A Candidate in Isolation: Inside Joe Biden’s Cloistered Campaign – By Alexander Burns, Shane Goldmacher and Katie Glueck (The New York Times) / April 26 2020
Joe Biden usually rises before 8 a.m. at his home in Wilmington, Delaware, and starts his day with a workout in an upstairs gym that contains a Peloton bike, weights and a treadmill. He often enjoys a protein shake for breakfast and puts on a suit or blazer much of the time. In the evenings, he and his wife, Jill, sit down together for dinner, a ritual that was absent for much of the last frenzied year on the campaign trail.
In the intervening hours, Biden attempts to win the presidency without leaving his house.
With the coronavirus outbreak freezing the country’s public life, Biden has been forced to adapt to a cloistered mode of campaigning never before seen in modern American politics. He was unable to embark on a victory tour after the Democratic primaries or hold unity rallies with onetime rivals like Sens. Bernie Sanders of Vermont and Elizabeth Warren of Massachusetts. Instead, the former vice president is in a distinctive kind of lockdown, walled off from voters, separated from his top strategists and yet leading in the polls.

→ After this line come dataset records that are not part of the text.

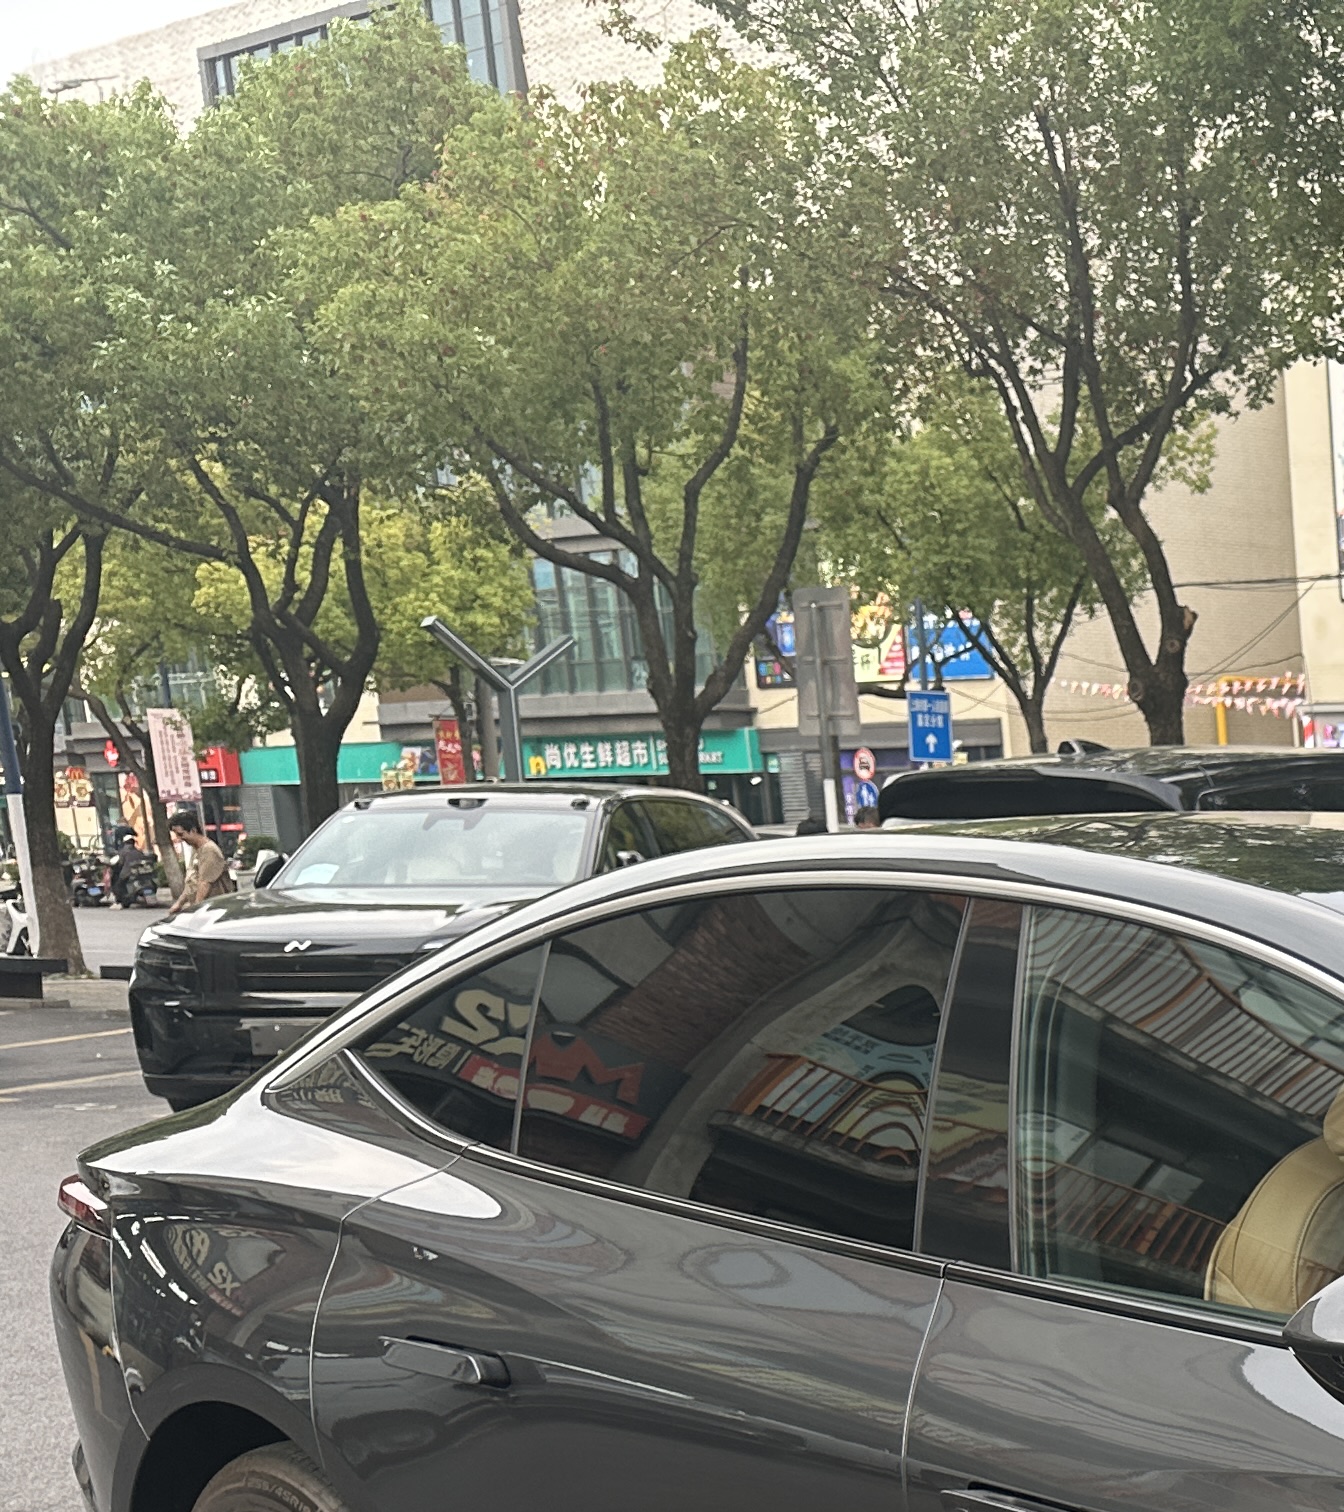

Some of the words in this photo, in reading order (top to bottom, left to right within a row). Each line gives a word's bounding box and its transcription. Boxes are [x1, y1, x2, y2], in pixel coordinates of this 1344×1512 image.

[544, 738, 651, 770] 尚优生鲜超市
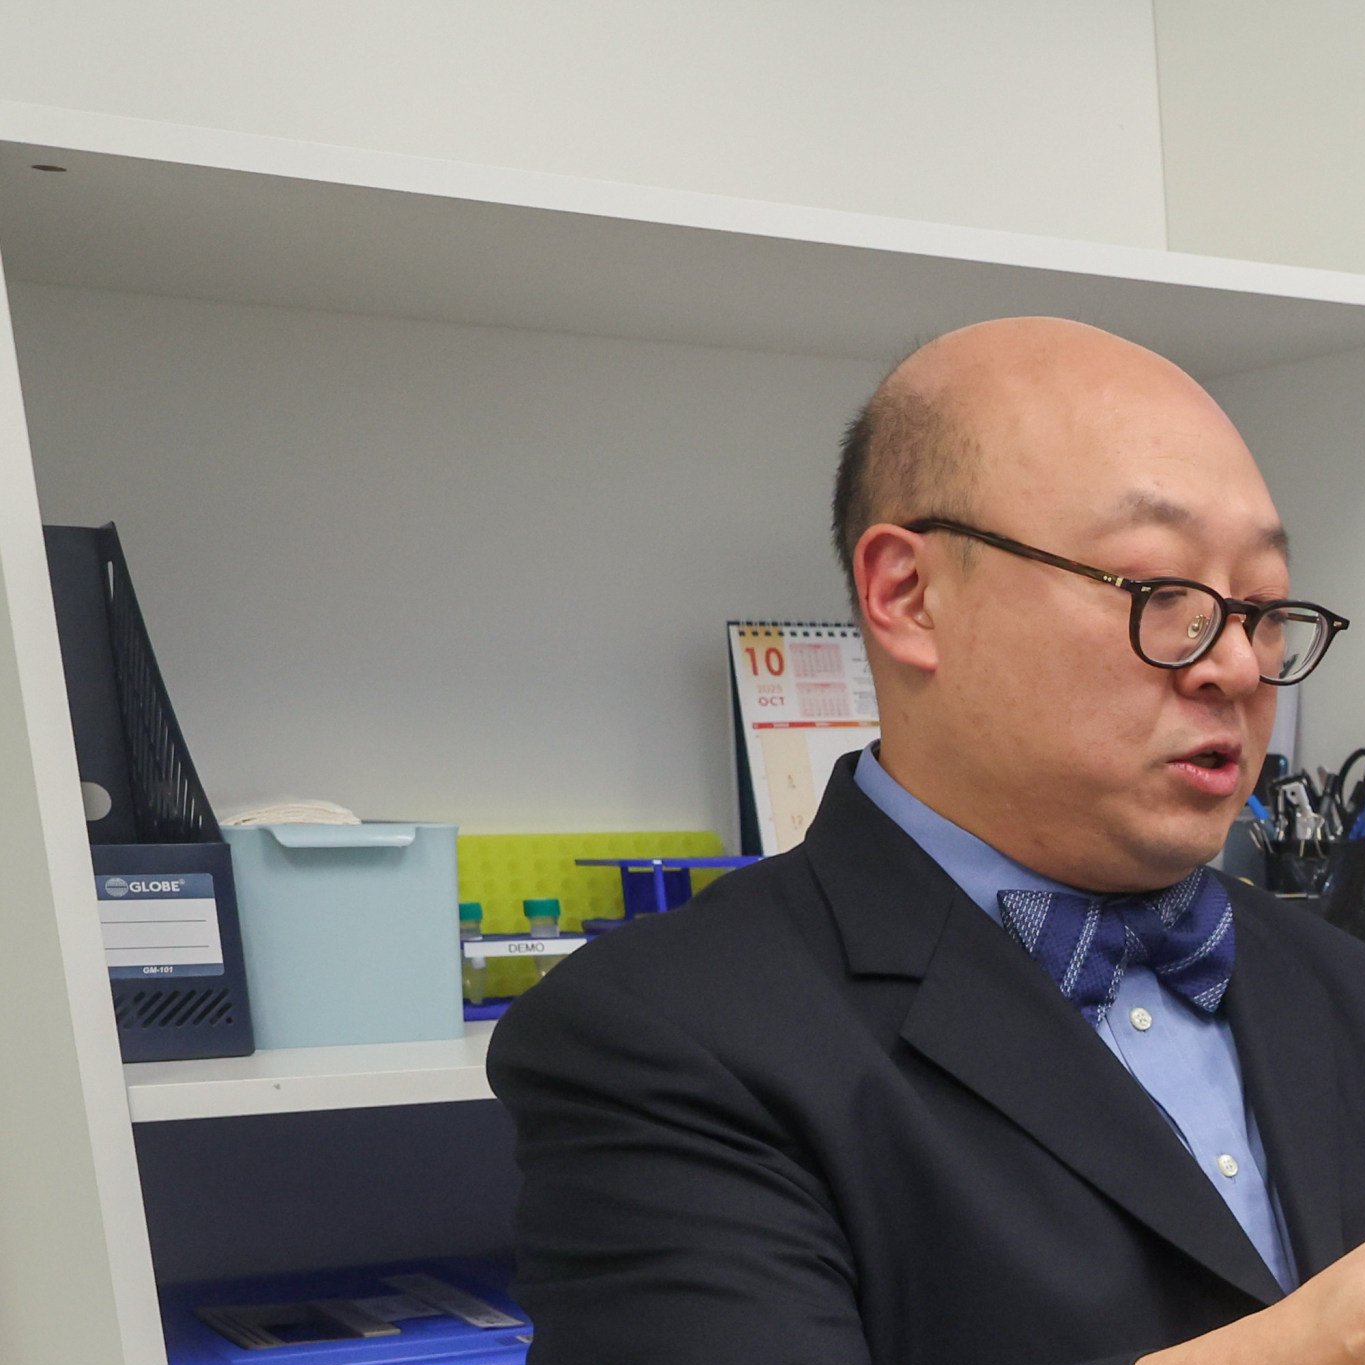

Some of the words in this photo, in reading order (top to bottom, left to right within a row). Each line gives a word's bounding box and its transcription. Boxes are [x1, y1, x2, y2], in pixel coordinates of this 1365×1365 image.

[745, 647, 784, 677] 10
[758, 697, 784, 706] OCT
[508, 943, 545, 954] DEMO
[142, 966, 174, 974] GM-101
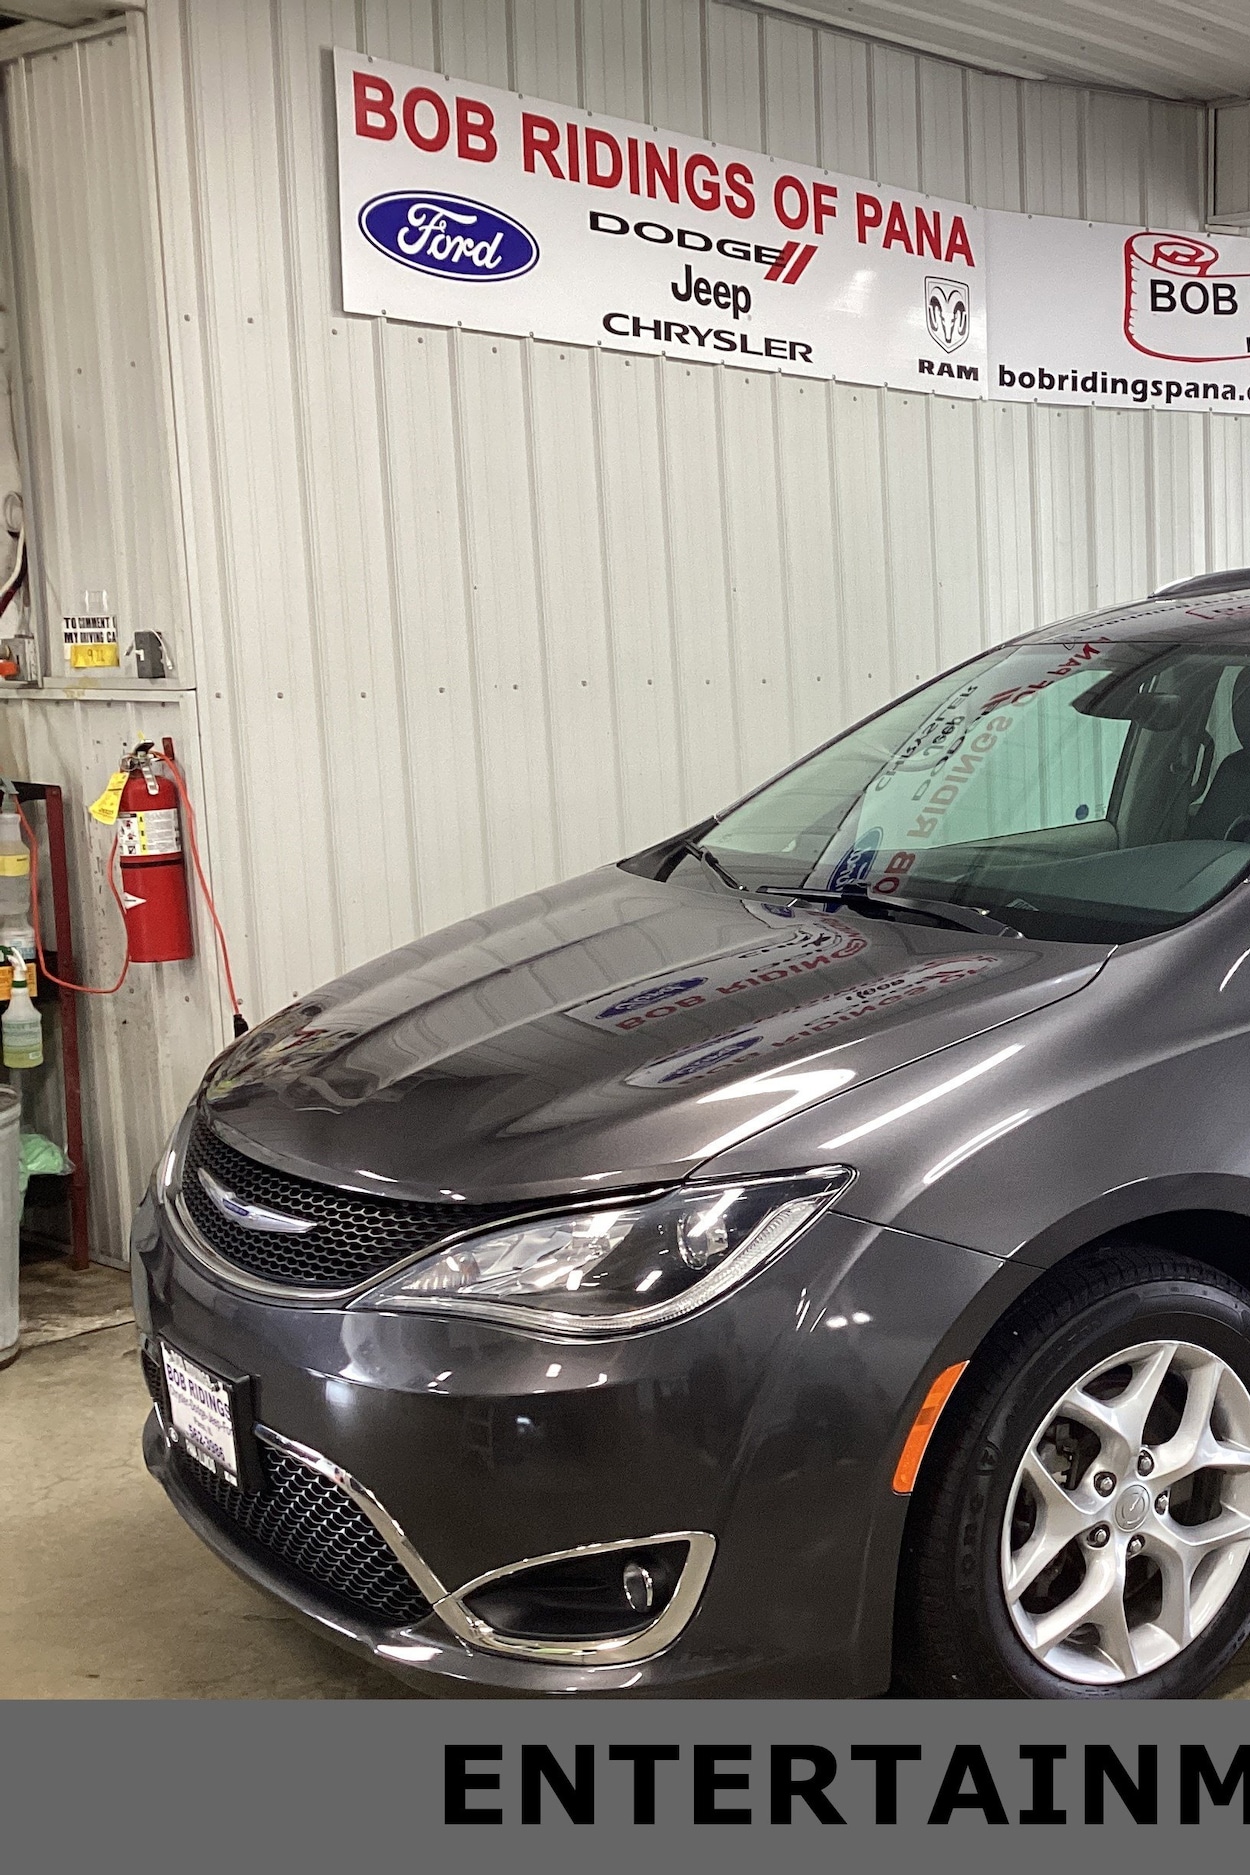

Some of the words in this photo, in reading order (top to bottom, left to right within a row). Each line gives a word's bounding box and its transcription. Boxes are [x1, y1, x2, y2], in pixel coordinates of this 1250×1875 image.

[352, 71, 498, 163] BOB
[521, 112, 756, 220] RIDINGS
[773, 175, 838, 235] OF
[856, 193, 975, 267] PANA
[397, 203, 504, 269] Ford
[588, 210, 786, 267] DODGE
[671, 264, 752, 319] Jeep
[1150, 279, 1239, 316] BOB
[602, 312, 813, 363] CHRYSLER
[918, 358, 979, 381] RAM
[63, 617, 77, 629] TO
[64, 632, 78, 643] MY
[166, 1363, 187, 1392] BOB
[188, 1379, 232, 1420] RIDINGS
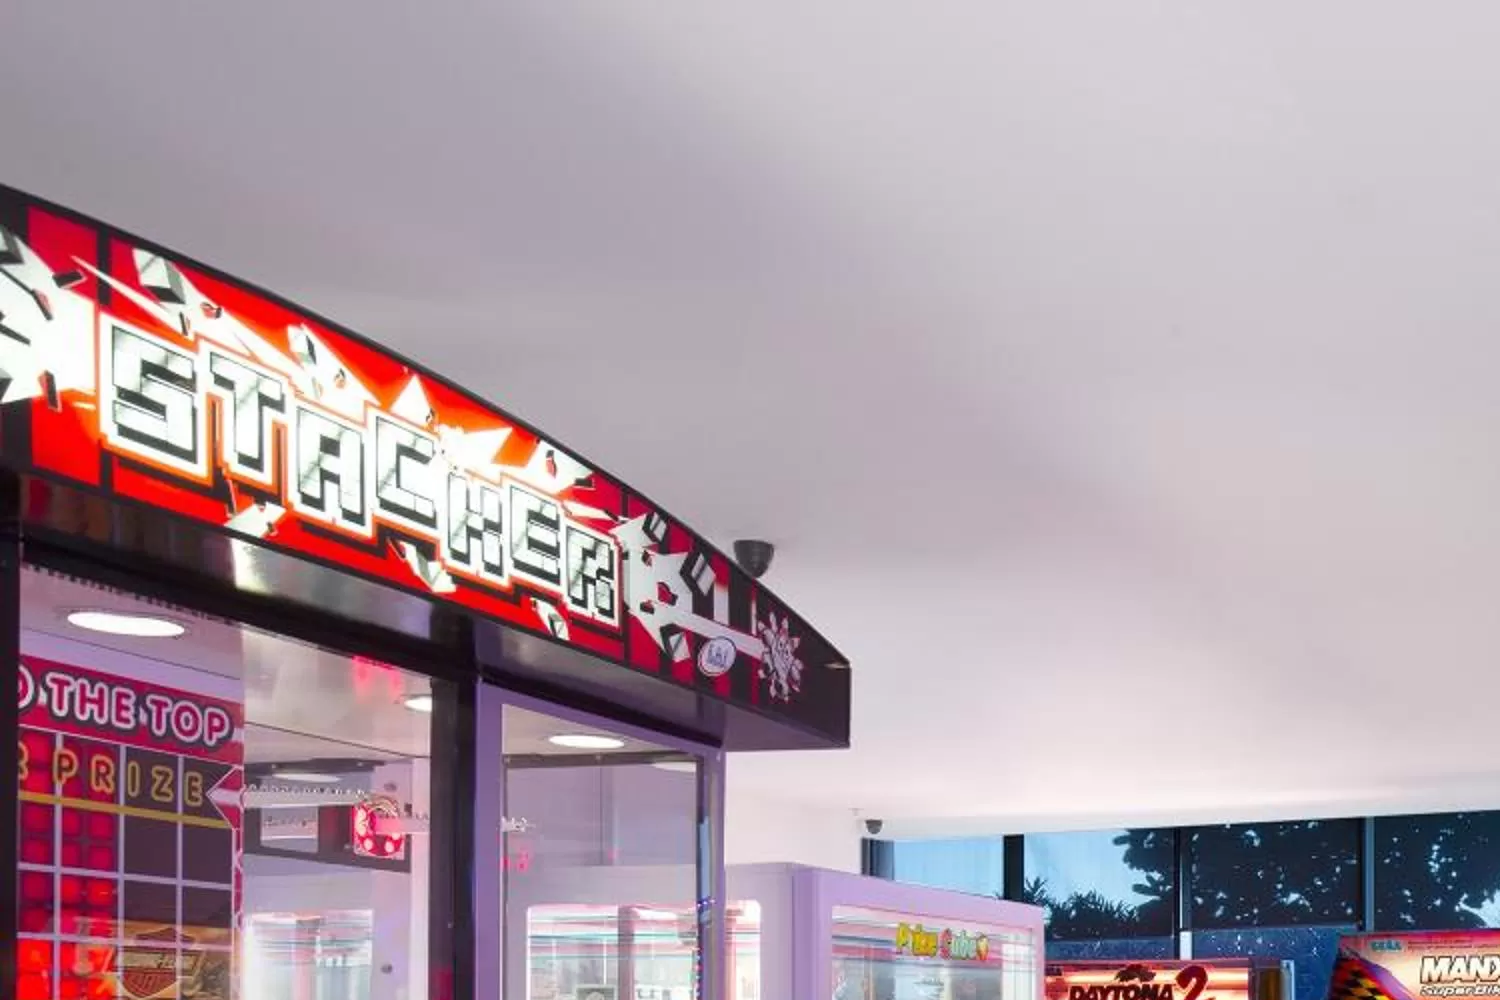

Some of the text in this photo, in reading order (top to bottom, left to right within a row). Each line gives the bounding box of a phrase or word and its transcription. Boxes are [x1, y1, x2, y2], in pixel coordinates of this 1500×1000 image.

[102, 320, 621, 625] STACKER
[46, 672, 135, 729] THE
[146, 694, 229, 747] TOP
[53, 749, 203, 806] PRIZE

For a famous backslapper like Biden, this open-ended period of captivity has tested both his patience and his political imagination. He has lamented being deprived of human contact, and he has expressed exasperation with media coverage critiquing his limited visibility compared with President Donald Trump’s daily performances in the White House briefing room. He does not make a habit of watching the president’s briefings in full; he is said to be fixated mainly on the eventual challenge — if he wins — of governing amid a pandemic.
Interviews with dozens of people in touch with the presumptive Democratic nominee and his advisers revealed a newly detailed picture of Biden’s life in seclusion, one spent in long-distance consultation with a wide array of coalition leaders helping him map out the fall campaign and a potential administration.
Biden has revived many of the rituals of the vice presidency, including similarly formatted briefing memos and tour d’horizon-style updates from aides on the virus and the economy — all aimed at giving him the information he would need to make the weighty decisions at hand if he were in charge, except that he is not.
Fran Person, who served for years as a Biden aide and speaks with him regularly, said the detached lifestyle was unnatural for Biden, an extrovert who spent virtually his entire adult life in government.
“I can imagine, for him, you’re watching this play out, you know what needs to get done,” Person said. “You want to be right in the middle of it.”